Strength Training For Self Defense

Most strength training programs that I’ve seen for self-defense purposes are not truly strengthening routines but rather conditioning routines. They’re basically circuits filled with a mishmash of weighted self-defense movements. This approach is not only counterproductive, but it may lead to overuse injuries down the road. Use the weight room for strength training, and then as a separate entity perform sparring intervals for conditioning.

Specificity in training is important, but being too specific with additional loading can adversely affect performance. The more you mimic a movement with significant resistance, the more you disrupt motor patterns. You will never completely simulate in the gym what you could do in sport or when defending your self, for that matter.

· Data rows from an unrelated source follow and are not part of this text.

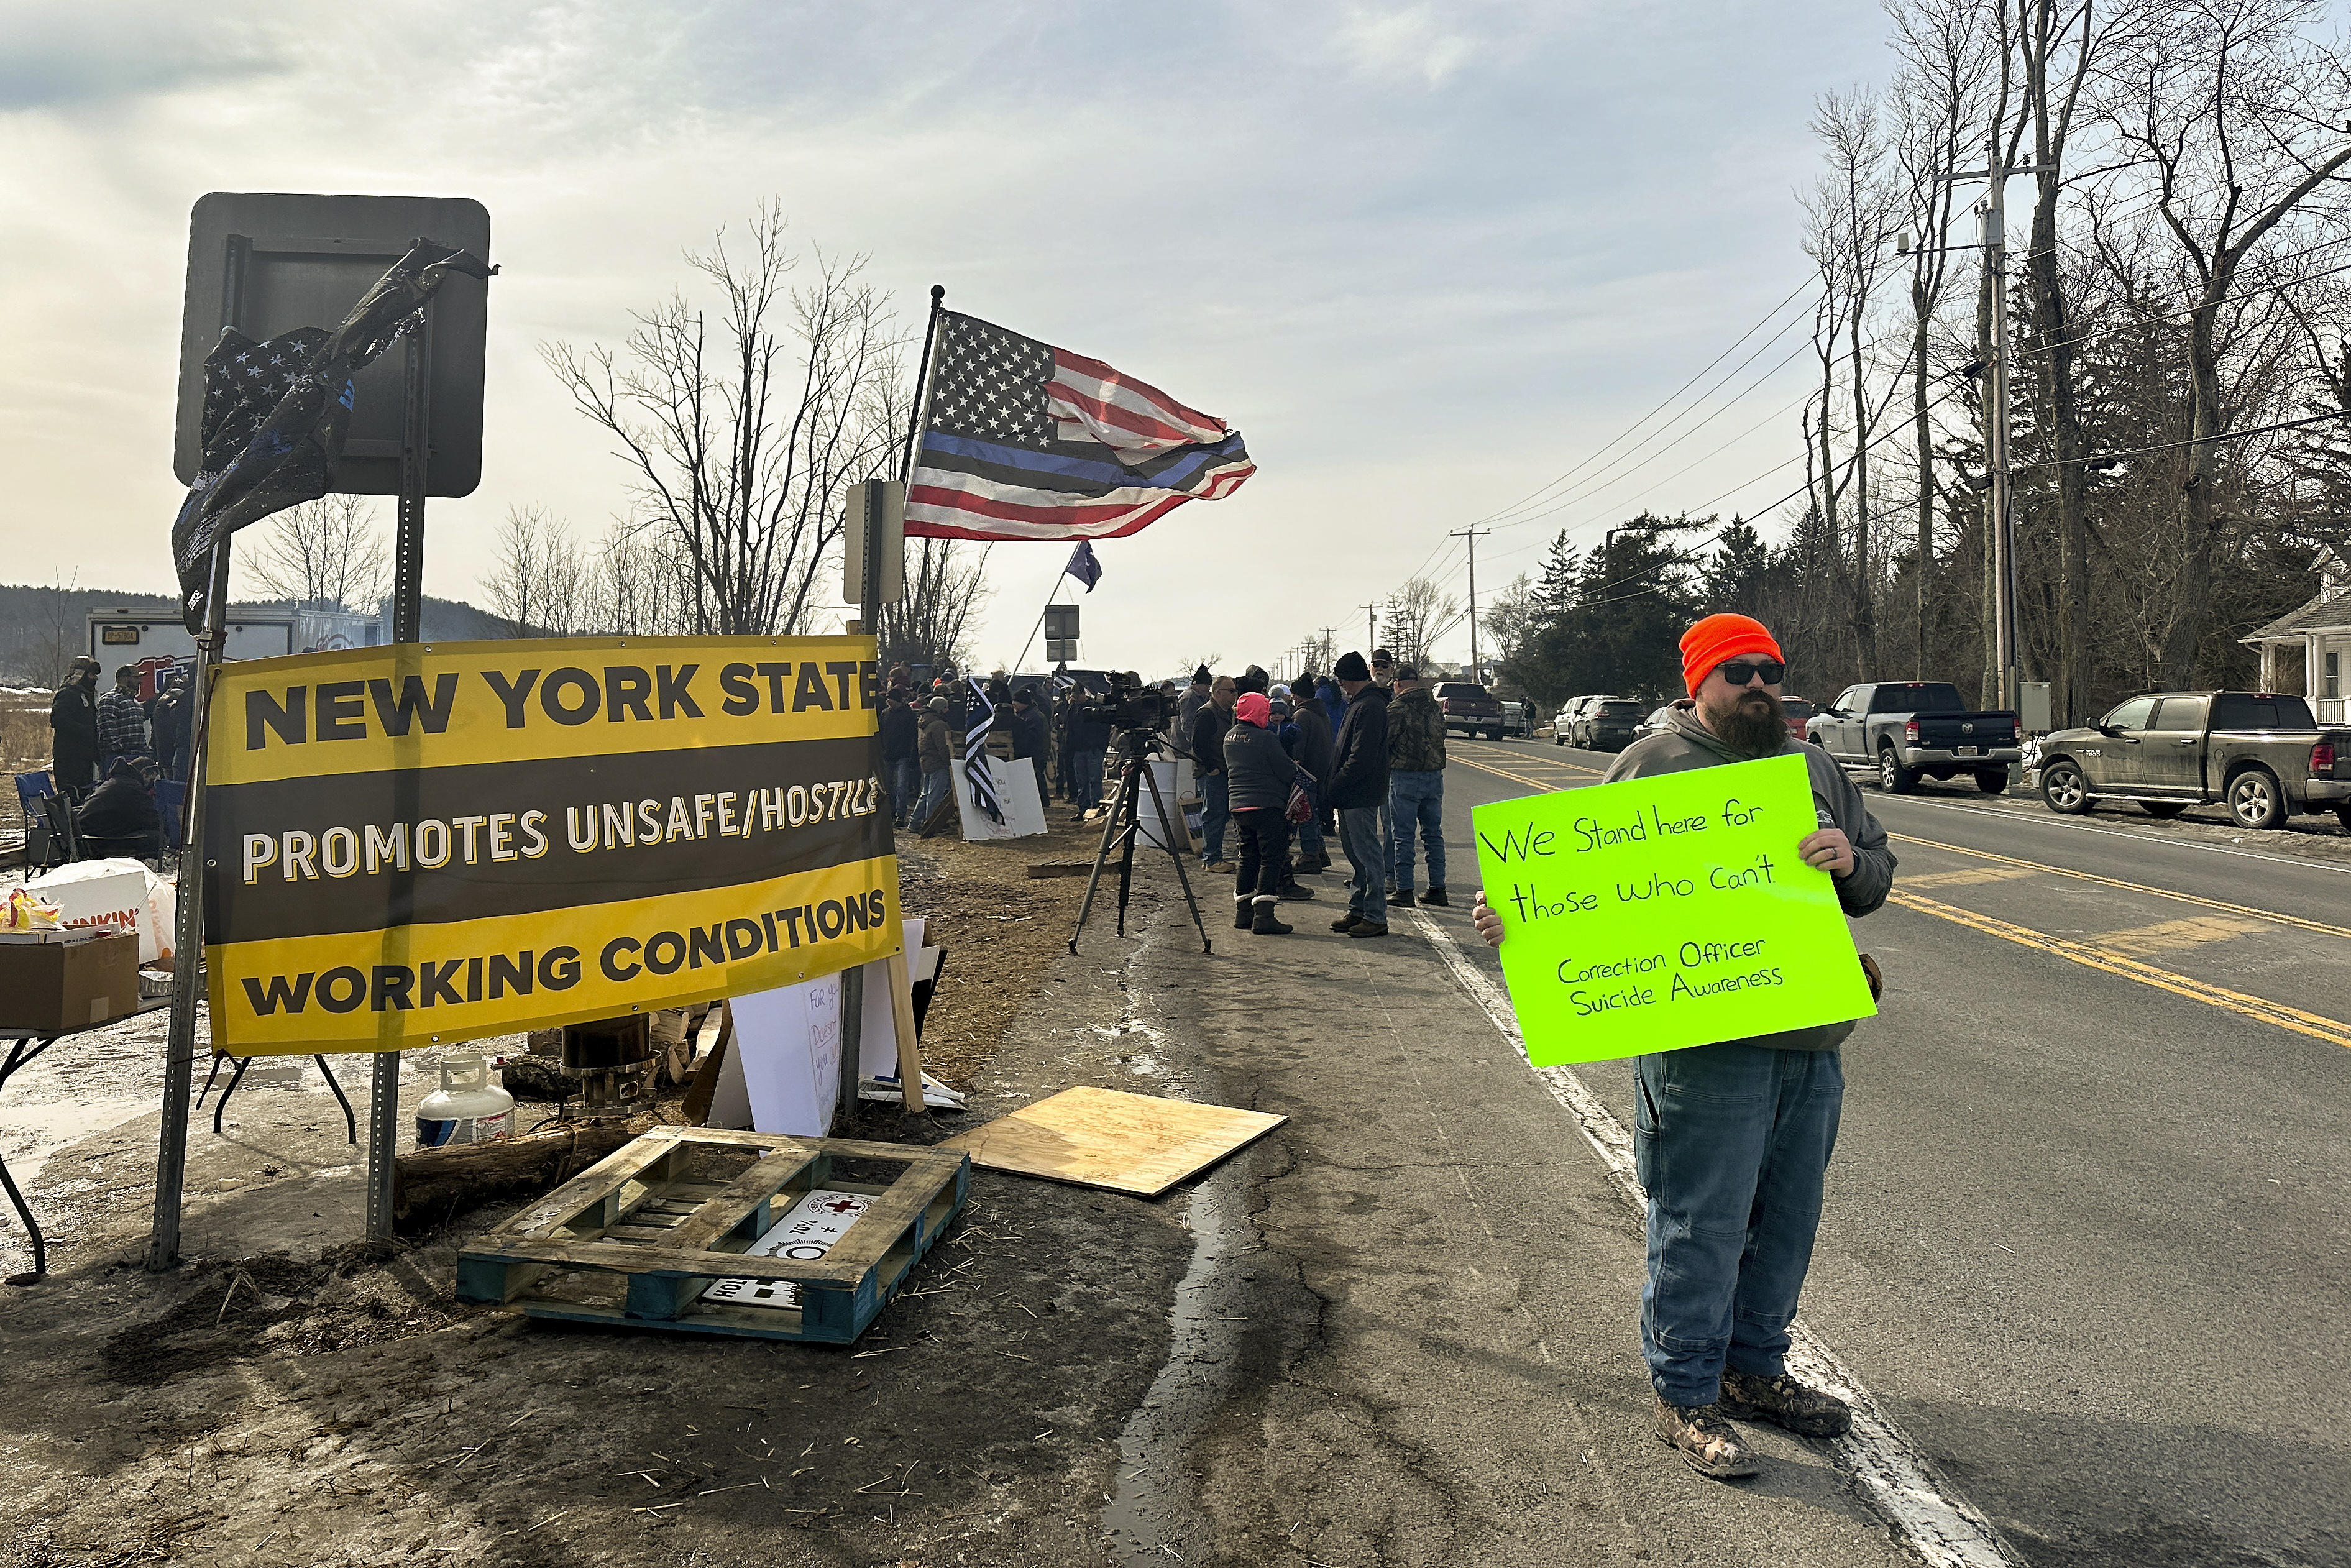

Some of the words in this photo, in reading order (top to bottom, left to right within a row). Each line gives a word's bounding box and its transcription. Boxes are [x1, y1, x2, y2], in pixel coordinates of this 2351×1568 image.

[245, 673, 459, 750] NEW
[479, 664, 705, 729] YORK
[719, 661, 876, 716] STATE
[242, 809, 549, 885] PROMOTES
[566, 777, 878, 853] UNSAFE/HOSTILE
[1479, 822, 1556, 864] We
[1574, 810, 1647, 853] Stand
[1653, 805, 1708, 835] here
[1721, 799, 1764, 828] for
[1509, 883, 1598, 923] those
[241, 945, 581, 1016] WORKING
[600, 889, 886, 981] CONDITIONS
[1558, 954, 1666, 984] Correction
[1680, 939, 1766, 968] Officer
[1570, 985, 1656, 1016] Suicide
[1671, 968, 1783, 1001] Awareness

Think of a baseball player swinging with an extremely heavy bat or throwing a shot put during training. You’ll mess up their swing so bad, they’ll barely make contact with the ball. And as far as throwing power and accuracy is concerned, don’t worry about it. You’ll destroy their elbows and shoulders first before you can gauge any effect on performance.

The same analogy applies if you practice kicks with heavy ankle weights or punches holding on to a heavy dumbbell or worse a strong resistance band, which promotes a disproportionate development of accelerator versus decelerator strength because the band is decelerating for you and really sets you up for injury down the road.

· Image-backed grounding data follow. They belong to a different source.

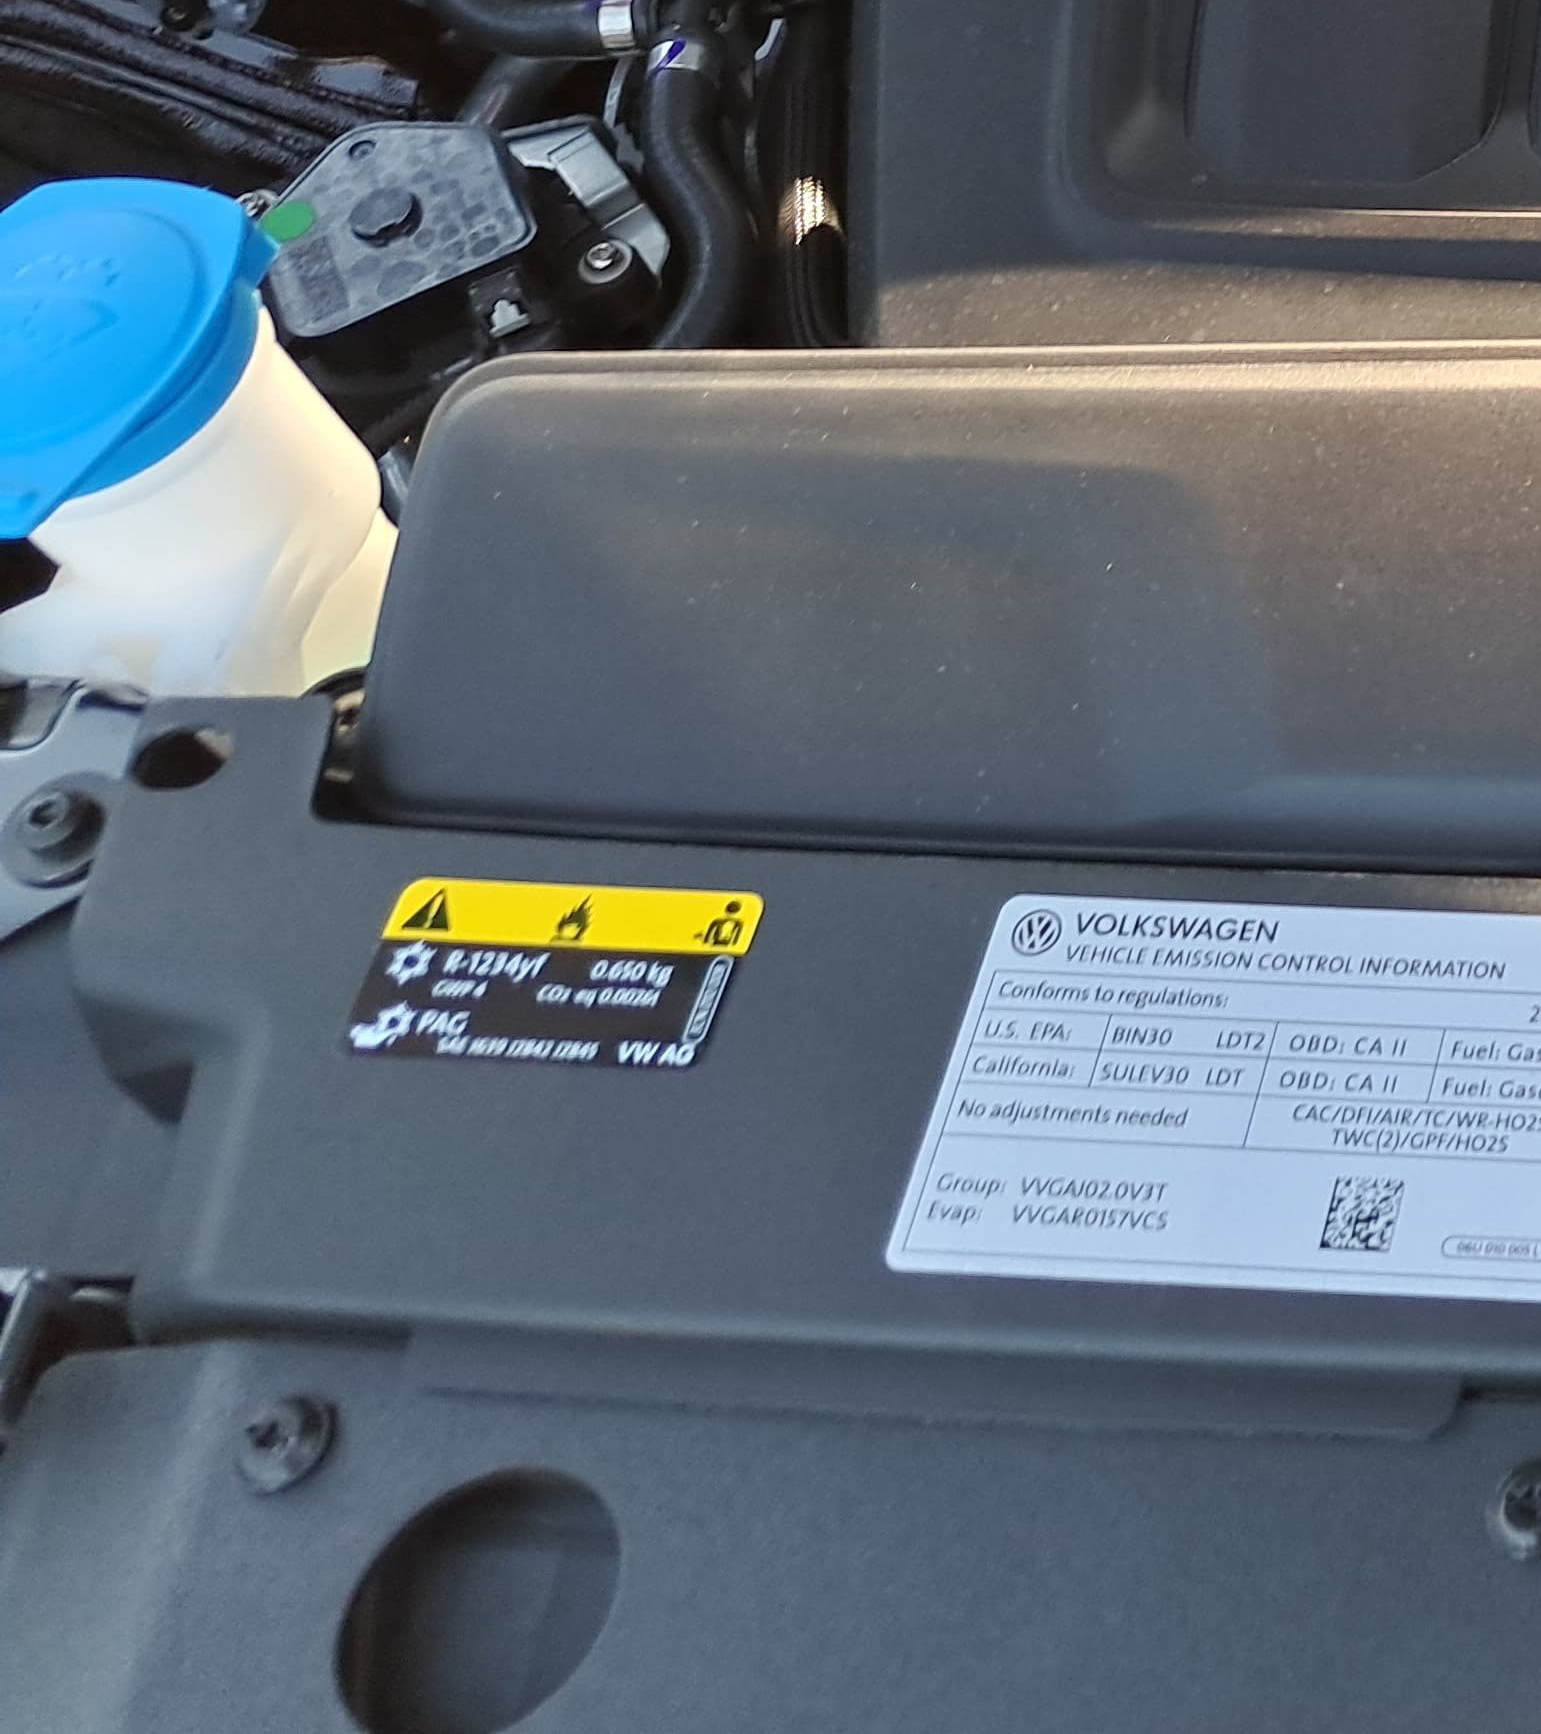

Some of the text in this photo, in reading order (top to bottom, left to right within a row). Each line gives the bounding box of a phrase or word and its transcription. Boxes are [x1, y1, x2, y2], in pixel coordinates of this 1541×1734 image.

[1077, 913, 1279, 943] VOLKSWAGEN
[443, 949, 551, 983] R-1234yf
[646, 960, 676, 989] kg
[1066, 944, 1506, 979] VEHICLE EMISSION CONTROL INFORMATION
[998, 980, 1229, 1009] Conforms to regulations:
[414, 1008, 471, 1036] PAG
[617, 1040, 660, 1066] VW
[659, 1042, 698, 1067] AG
[984, 1020, 1019, 1040] U.S.
[1029, 1021, 1072, 1041] EPA:
[1111, 1026, 1173, 1046] BIN30
[1216, 1031, 1265, 1051] LDT2
[1289, 1034, 1345, 1055] OBD:
[1353, 1036, 1383, 1056] CA
[1391, 1038, 1407, 1057] II
[1450, 1040, 1500, 1061] Fuel:
[972, 1055, 1075, 1078] California:
[1100, 1060, 1190, 1084] SULEV30
[1205, 1068, 1245, 1087] LDT
[1279, 1070, 1335, 1091] OBD:
[1344, 1073, 1373, 1093] CA
[1382, 1074, 1398, 1094] II
[1441, 1077, 1492, 1097] Fuel:
[957, 1099, 1189, 1128] No adjustments needed
[1333, 1128, 1508, 1153] TWC(2)/GPF/HO2S
[936, 1172, 1006, 1199] Group:
[926, 1200, 982, 1227] Evap:

It would be far better to perform variations of squats, deadlifts, step-ups and lunges for the lower body, and presses, push-ups, pull-ups and rows for the upper body, which work many of the muscles involved with kicking and punching, respectively. If performed correctly, these movements will increase your strength and power, decrease the likelihood of injuries, and ultimately give you the best chance to defend your self during battle.